DRC: When Reporters and Readers Come Face to Face

November 1, 2017

GOMA, DEMOCRATIC REPUBLIC OF CONGO — Oct. 6 was the big day.

It was the day I would come face to face with our readers around the world to tell them about the kinds of stories the Global Press team in DRC is producing, and why.

The Reporter Conversation is a new event for us. It’s designed to give readers the opportunity to ask reporters questions, and to give reporters a chance to provide more context and exciting details of the reporting process.

Using video technology, and with a cooperative internet connection, I began to see faces pop on my screen. In my role as the regional program manager for all Global Press programs in Africa, I was given the privilege of talking about the impact our journalism is having in our community and beyond.

For the women who train under a former boxing champion in Goma, boxing is more than just a sport.
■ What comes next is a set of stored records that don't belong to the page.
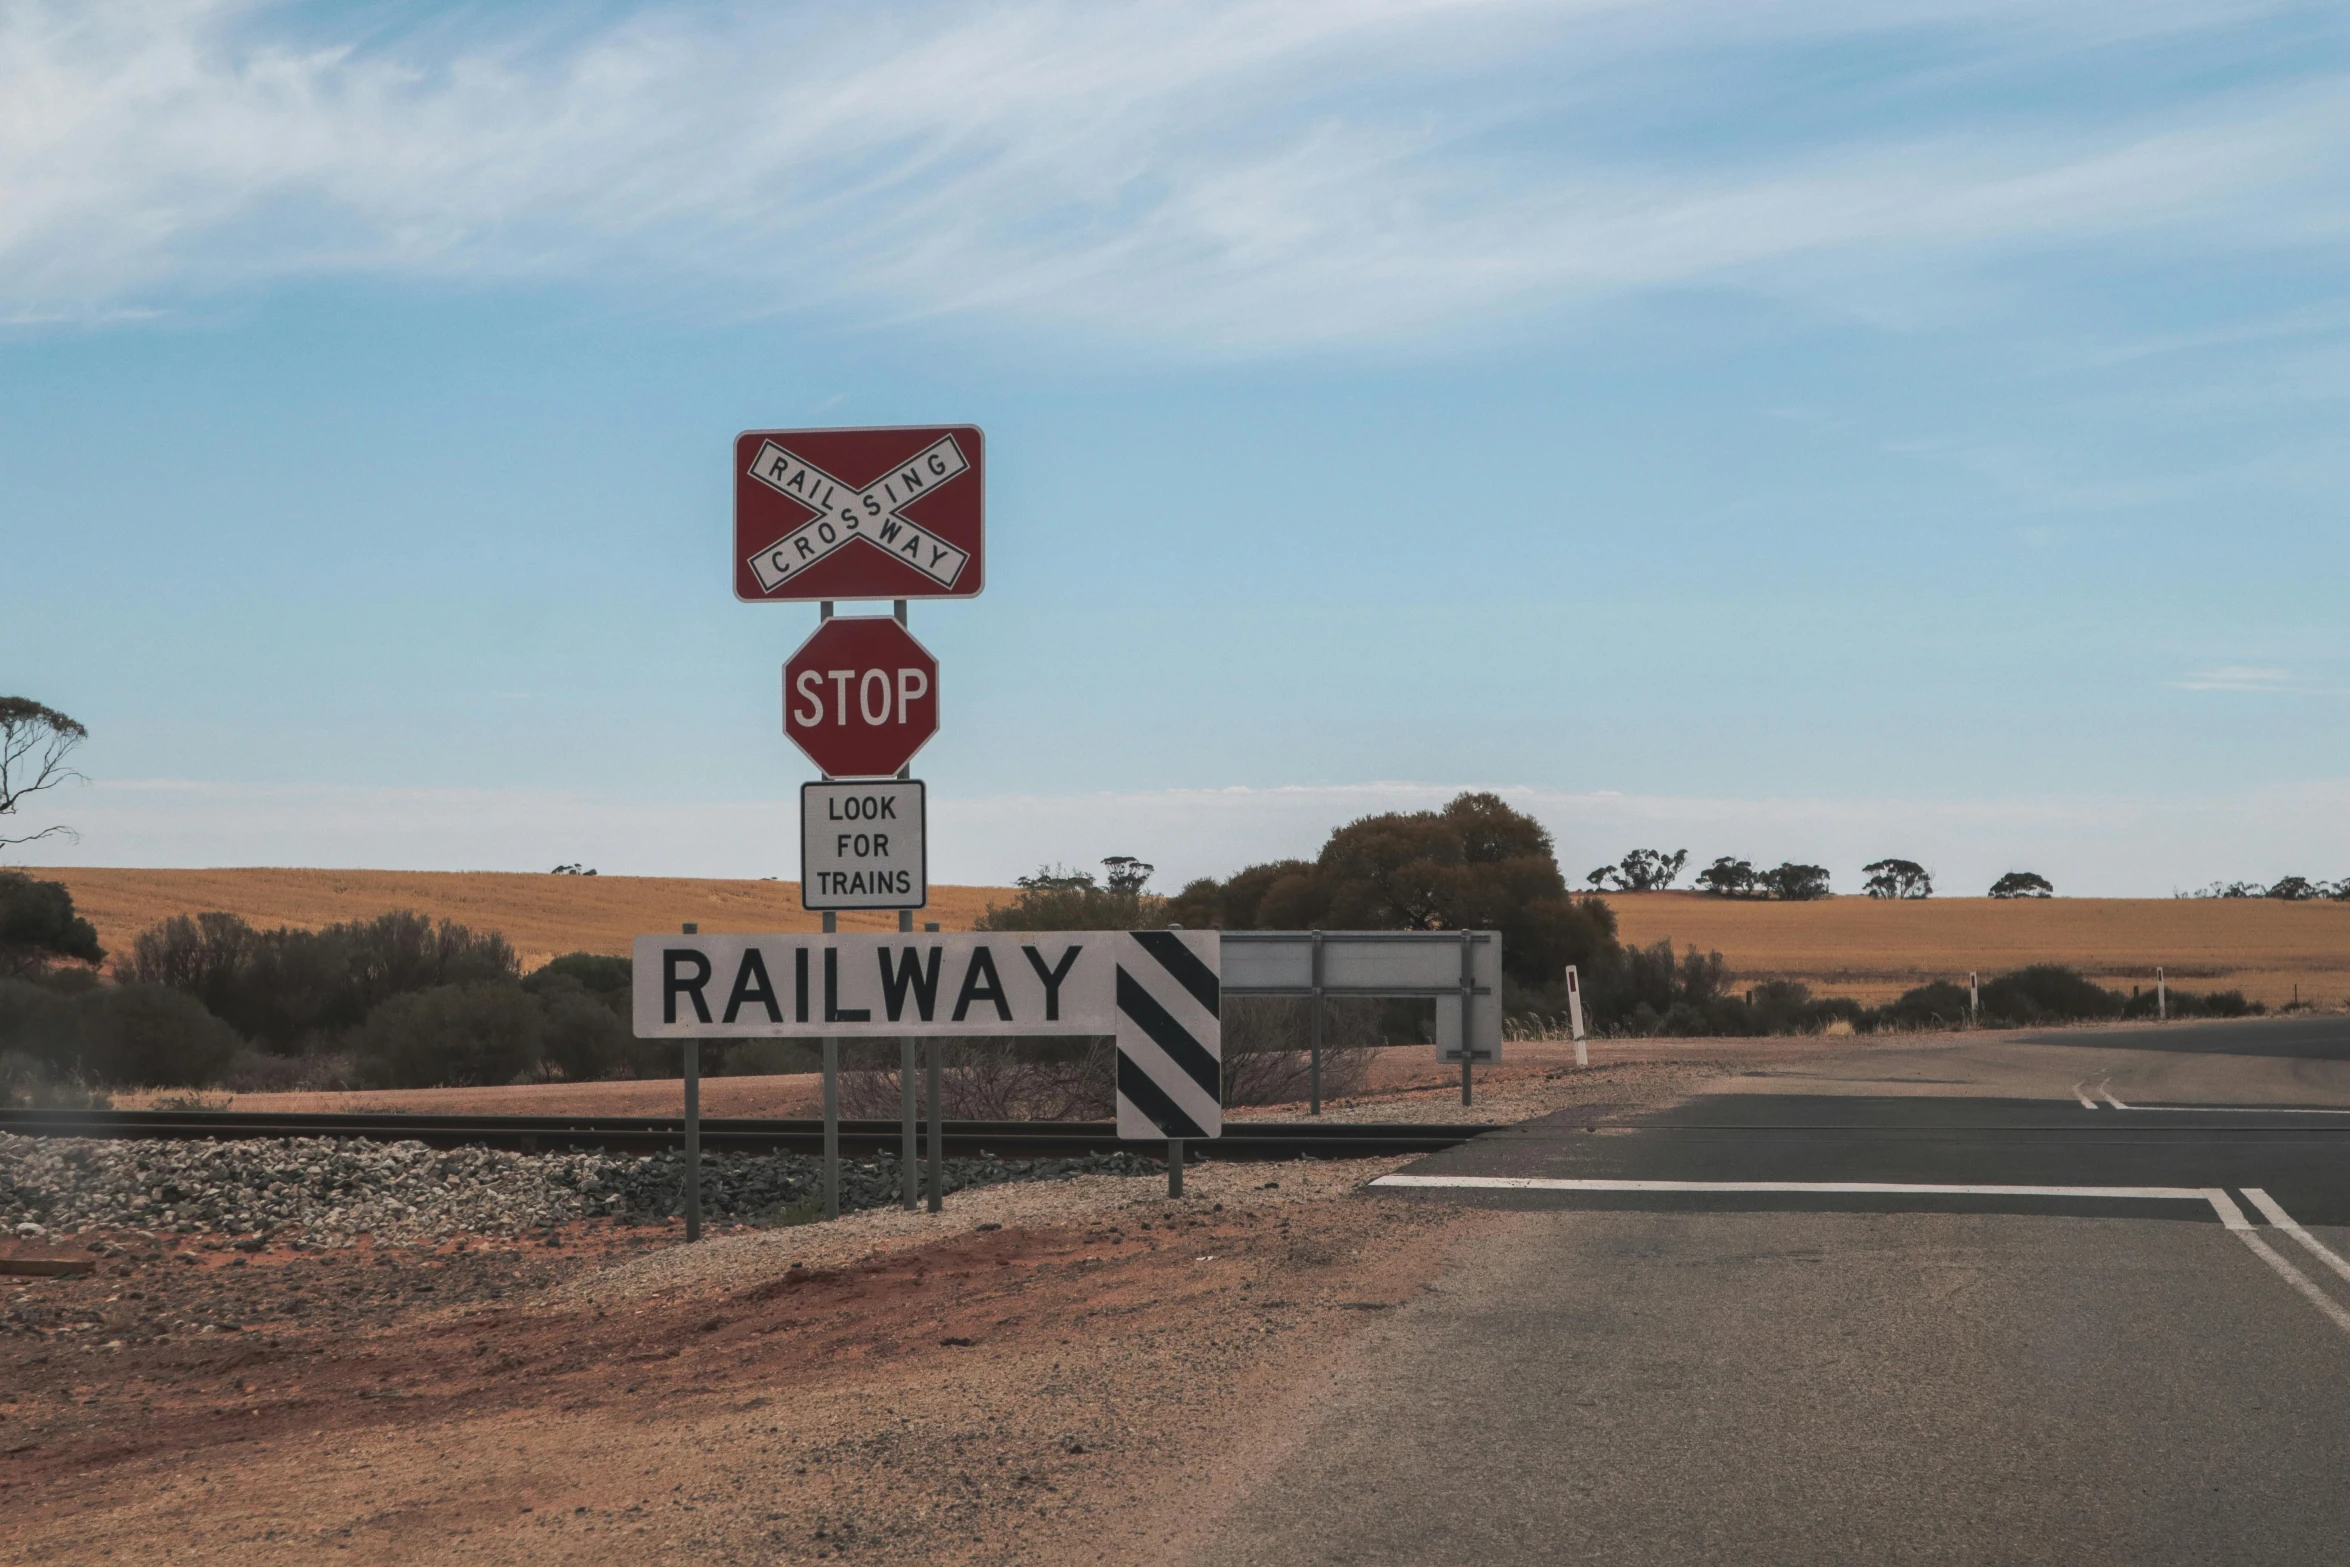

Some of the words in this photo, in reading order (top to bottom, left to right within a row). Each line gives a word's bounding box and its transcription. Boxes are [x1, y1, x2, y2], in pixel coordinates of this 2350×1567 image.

[771, 454, 946, 573] CROSSING
[793, 668, 928, 728] STOP
[829, 796, 897, 821] LOOK
[837, 834, 889, 857] FOR
[817, 870, 911, 895] TRAINS
[662, 945, 1084, 1024] RAILWAY
Read our latest story from the DRC here. (Ley Uwera, GPJ DRC)

It was a pleasure to share more about the sometimes lengthy process of producing a Global Press story. Our reporters are telling stories from difficult locations, and our editors require absolute accuracy and verification. So, when a story is finally published, the reporter and I feel joy. But the article’s journey doesn’t end with publication, because we care about our readers. Studying the impact that our stories have and understanding the way readers use our work are very important for me and for my fellow GP journalists.

When I was invited to participate in the conversation, I was excited about the opportunity to talk directly with our readers and answer their questions. I was touched by the time and the attention they took to listen to what I was saying.
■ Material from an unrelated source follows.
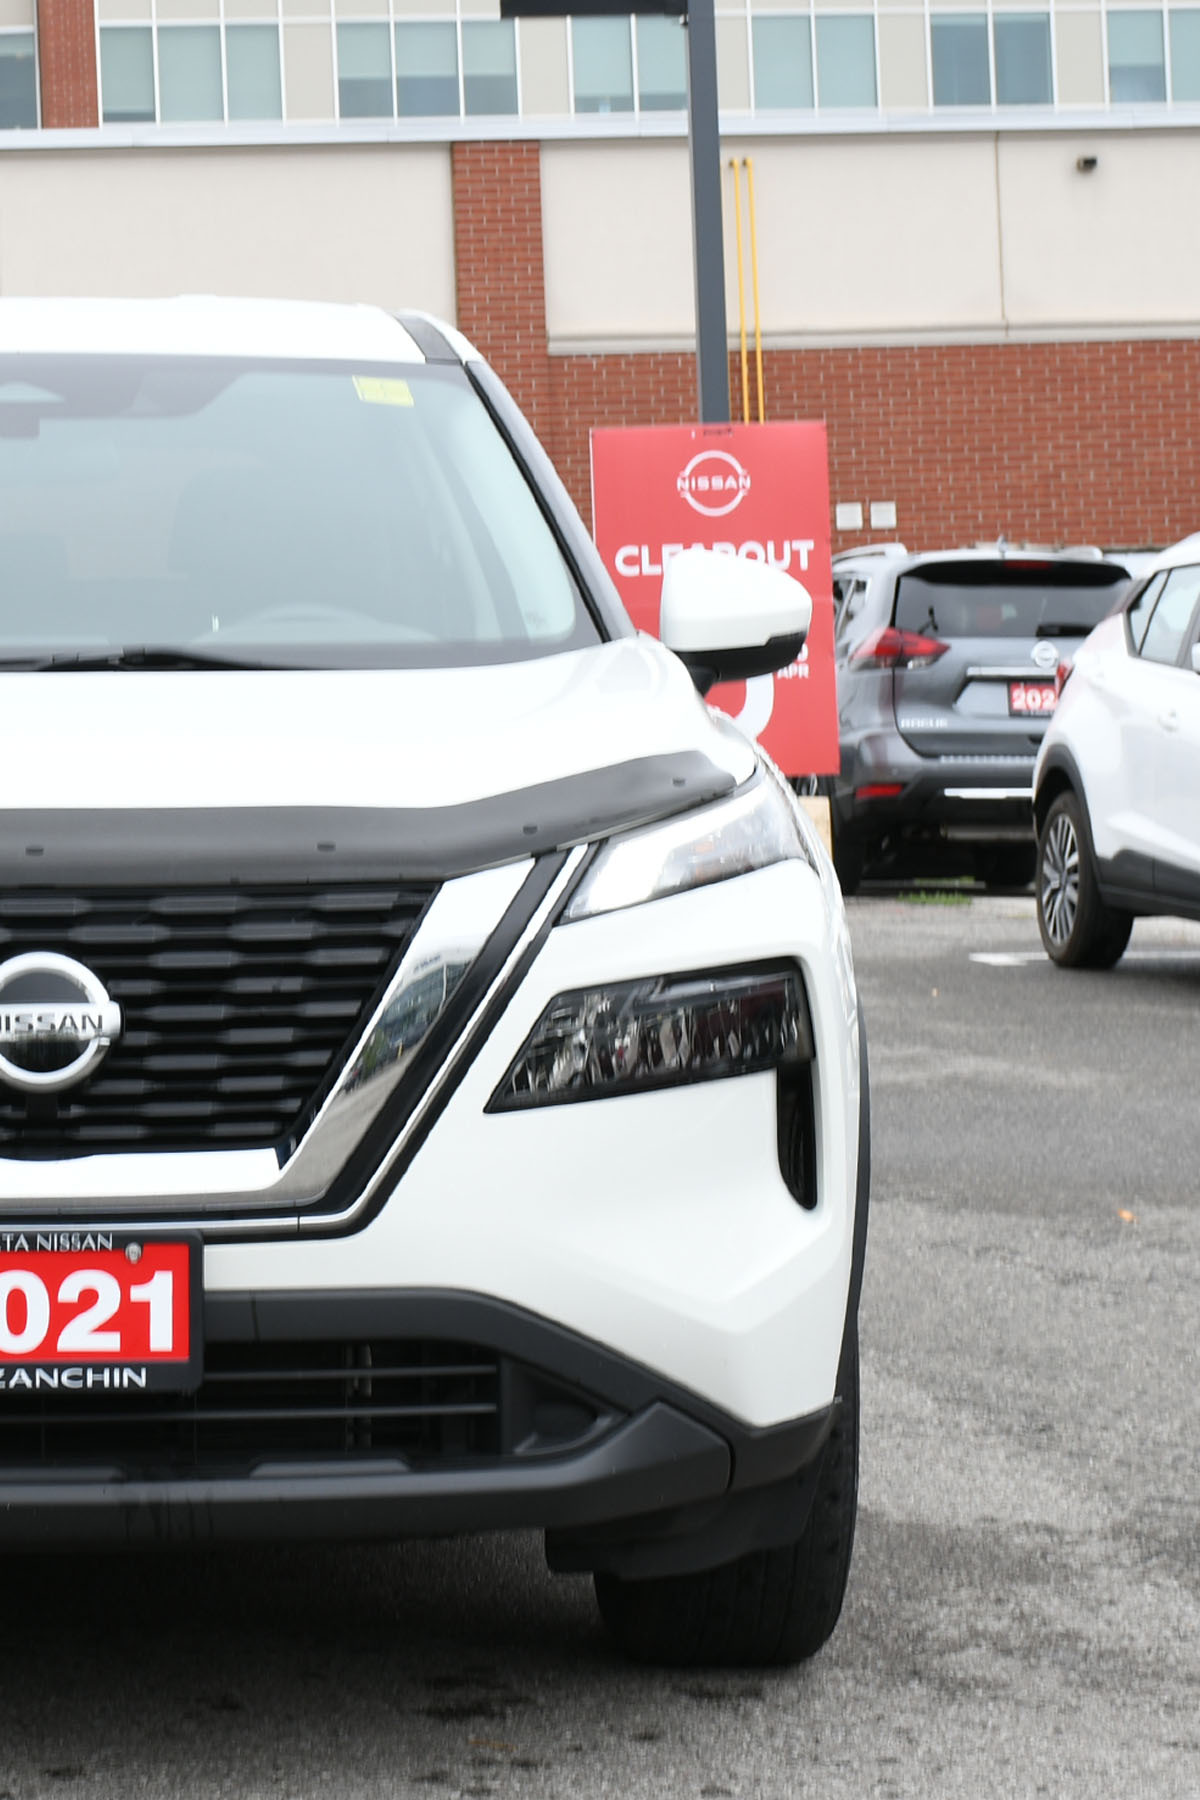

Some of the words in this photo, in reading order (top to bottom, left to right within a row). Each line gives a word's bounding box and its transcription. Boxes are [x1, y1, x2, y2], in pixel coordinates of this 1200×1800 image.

[677, 474, 750, 492] NISSAN
[615, 539, 815, 577] CLOUT
[1012, 684, 1057, 712] 202
[36, 1232, 113, 1252] NISSAN
Among the questions, I was asked if my community is well represented in other global media.

My answer was no.

For too long, DRC has been covered as though we are people without civilization. People who kill one another every day. And who know of nothing but extreme poverty. That is my opinion of the coverage in general, and I can prove it.

Go to Google and type in three words: DRC in news.
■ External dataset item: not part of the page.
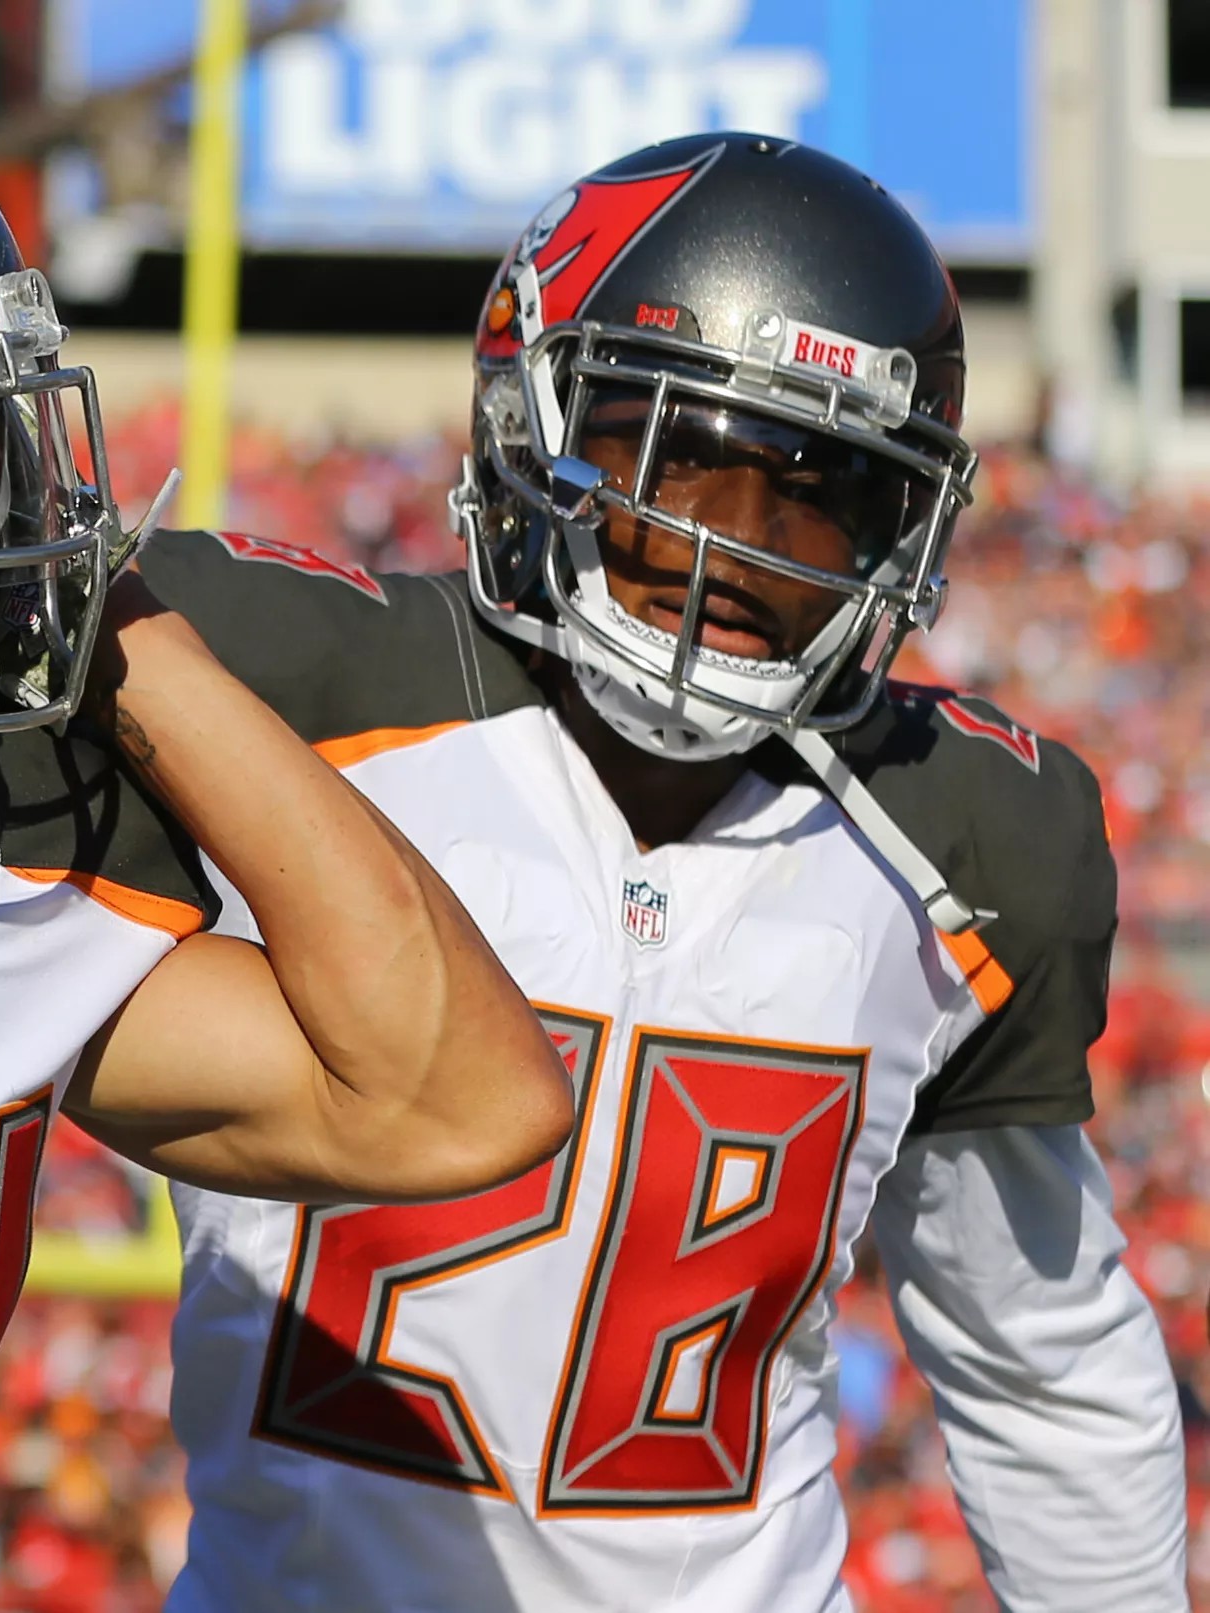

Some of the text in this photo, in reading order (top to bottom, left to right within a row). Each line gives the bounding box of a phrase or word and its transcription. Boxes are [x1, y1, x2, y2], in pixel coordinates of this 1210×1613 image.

I am certain you will only find stories about poverty, killing, rape, and the like.

A screenshot of a Google search for “DRC in news” on October 31, 2017.

This is where the uniqueness of Global Press comes in. I don’t disagree that those things are happening. There is bad news here. But there is good news too. And at Global Press we are committed to providing long-term, proportional coverage so that our readers truly understand this place.

As reporters, we have this unique chance to talk about development, food and celebrations. And perhaps most important, we have the unique chance to feature stories about local people who are working hard to find solutions to our problems.

Attending a Reporter Conversation is a singular opportunity for reporter and reader alike. It’s a chance to learn about our feelings, our strengths and, most important, about our humanity.